Lawrence Livermore scientists discover bacterial resistance to improve biofuel production

(Download Image) Ionic liquids (molten salts) are important solvents in the microbial production of biofuels, but can inhibit microbial growth. Lawrence Livermore researchers discovered a resistance mechanism in a rainforest soil bacterium that enables E. coli to grow and produce biofuel in the presence of ionic liquids at levels that otherwise would be toxic to native strains.
Resistance is not futile when it comes to a new method to more efficiently convert biomass to biofuels.

New research by scientists from Lawrence Livermore National Laboratory in conjunction with the Joint BioEnergy Institute (JBEI) suggests that a type of bacterial resistance may provide more efficient production of biofuels.

The team identified the genetic origin of bacterial resistance to an ionic liquid (a salt in the liquid state), which they successfully introduced into a strain of E. coli bacteria for the production of advanced biofuels. The ionic liquid resistance is based on a pair of genes discovered in a microbial species native to a tropical rainforest in Puerto Rico.

"Ionic liquids are used as potent solvents to extract cellulose from biomass, so that it can be broken down to sugars used by microbes to make advanced biofuels -- new liquid fuels that go beyond ethanol and can replace gasoline or diesel," said Michael Thelen, an LLNL biochemist who also is part of JBEI's Deconstruction Division.

The team identified two genes in Enterobacter lignolyticus, a rainforest soil bacterium that is tolerant to specific ionic liquids, and transferred them as part of a genetic module into an E. coli biofuel host. The genetic module conferred the tolerance needed for the E. coli to grow well in the presence of toxic concentrations of ionic liquids. As a result, production of a terpene-based biofuel was enhanced.

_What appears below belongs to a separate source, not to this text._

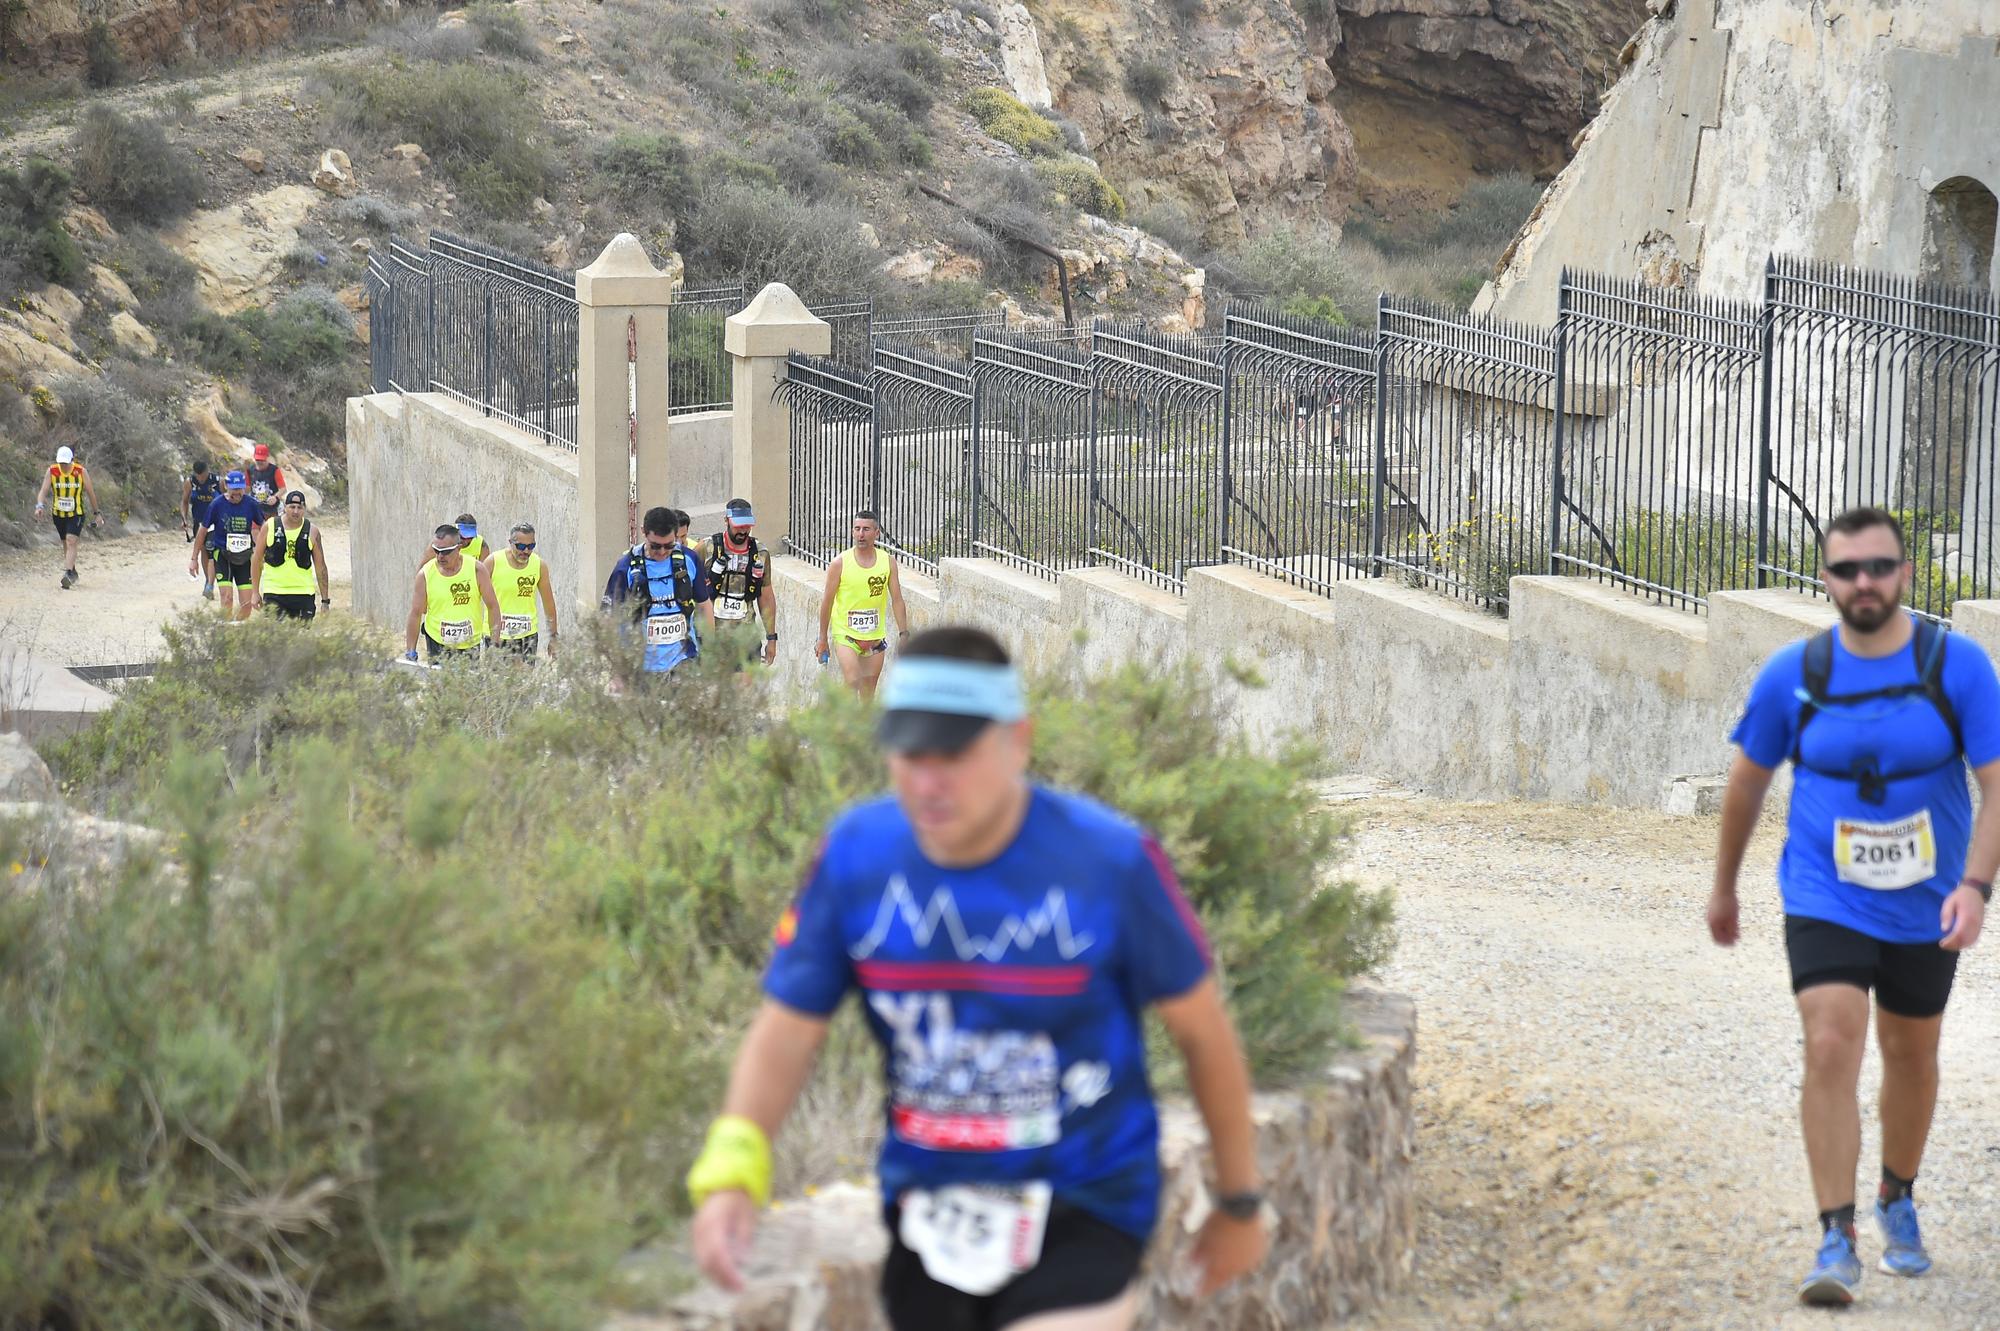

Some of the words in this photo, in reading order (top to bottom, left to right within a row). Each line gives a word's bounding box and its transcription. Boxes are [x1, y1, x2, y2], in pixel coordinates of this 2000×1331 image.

The research appears in the March 26 edition of the journal, Nature Communications.

At JBEI, researchers have previously engineered strains of E. coli bacteria to digest the cellulosic biomass of switchgrass, a perennial grass that thrives on land not suitable for food crops, and convert its sugars into biofuels and chemicals. However, the ionic liquids used to make the switchgrass digestible proved to be too toxic for the E. coli and had to be completely removed through several washings prior to fermentation.

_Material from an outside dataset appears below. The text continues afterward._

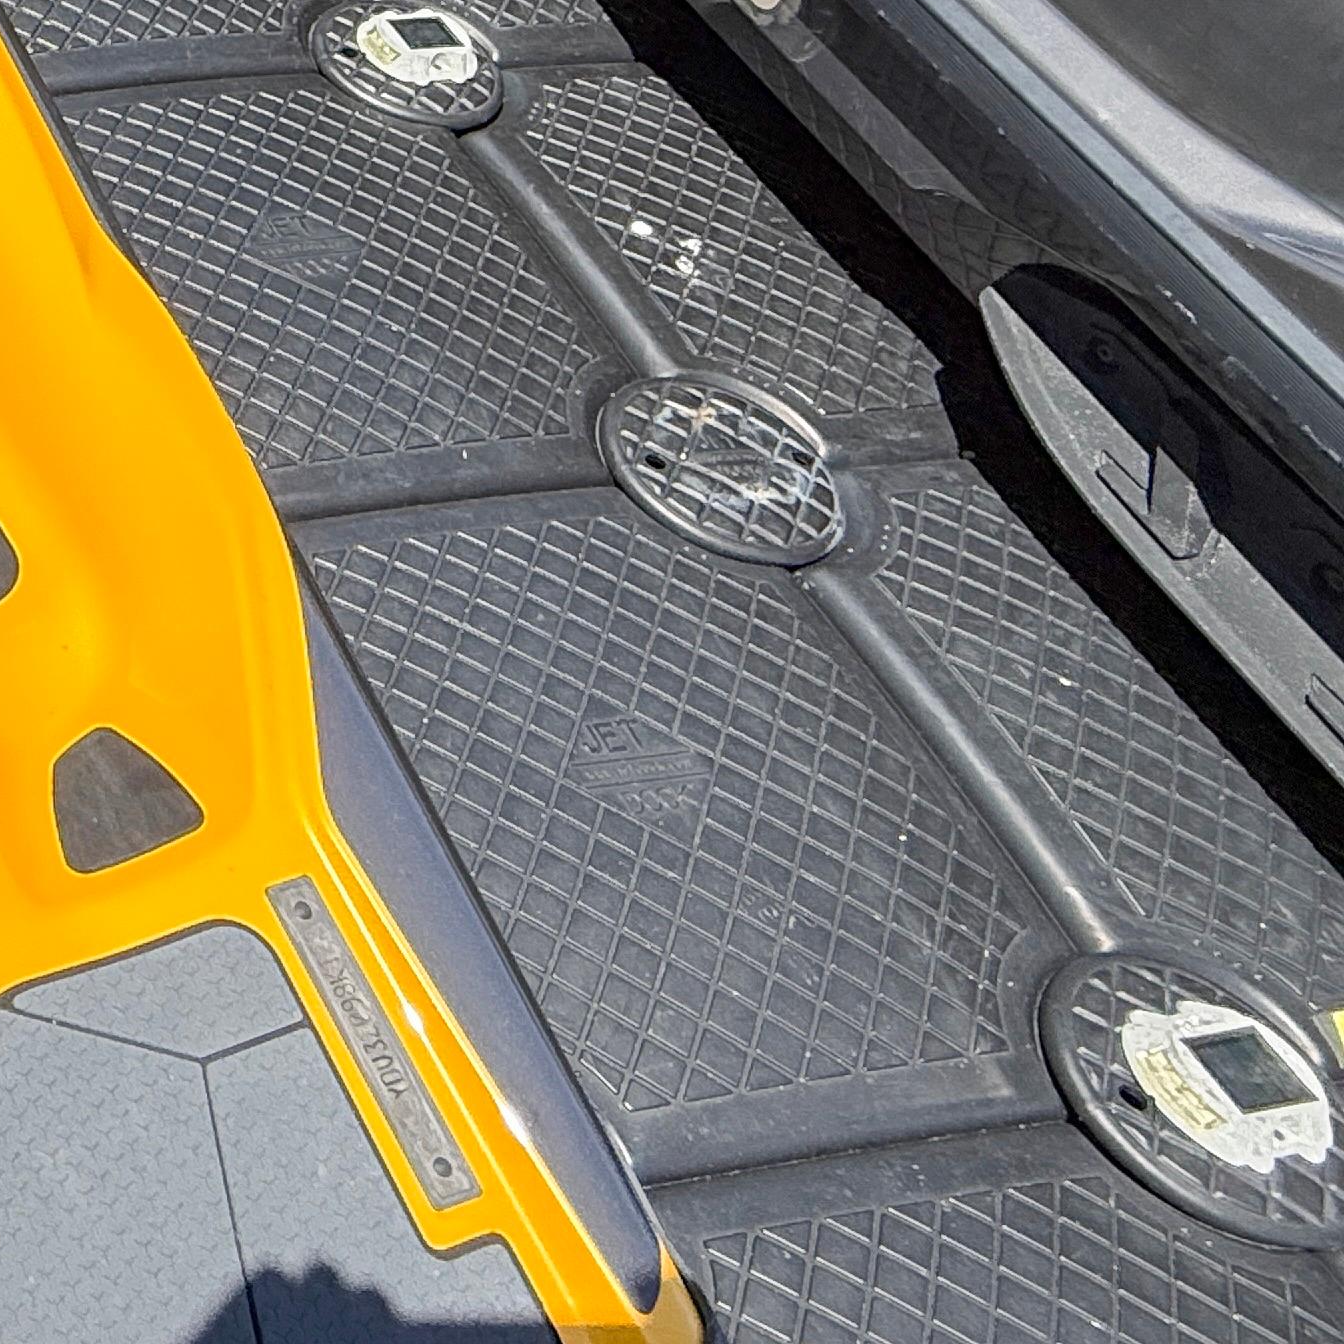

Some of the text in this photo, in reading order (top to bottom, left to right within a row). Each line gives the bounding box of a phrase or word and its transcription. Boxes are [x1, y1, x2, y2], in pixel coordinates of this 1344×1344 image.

[260, 216, 312, 239] JET
[582, 718, 643, 753] JET
[618, 782, 701, 814] DOCK

"The new genes confer to E. coli the ability to grow in the presence of normally toxic levels of an ionic liquid, making it possible to produce biofuels more efficiently," Thelen said. "The consequences of this study pave the way for further improvements in the microbial conversion of biomass to biofuels."

In this latest study, JBEI researchers used an approach devised by lead author and Basel University graduate student and LLNL guest researcher Thomas Ruegg to rapidly pinpoint the genes responsible for ionic liquid resistance in the genomic DNA of Enterobacter lignolyticus. "This genetic module encodes both a membrane transporter and its transcriptional regulator," Ruegg said. "While a pump exports ionic liquids, the substrate-inducible regulator maintains the appropriate level of this pump so that the microbe can grow normally either in the presence or absence of ionic liquid."

The results are likely to eliminate a bottleneck in JBEI's biofuels production strategy, which relies on ionic liquid pretreatment of cellulosic biomass. The research also demonstrates how the adverse effects of ionic liquids can be turned into an advantage, by inhibiting the growth of other bacteria. This research was funded by the DOE Office of Science.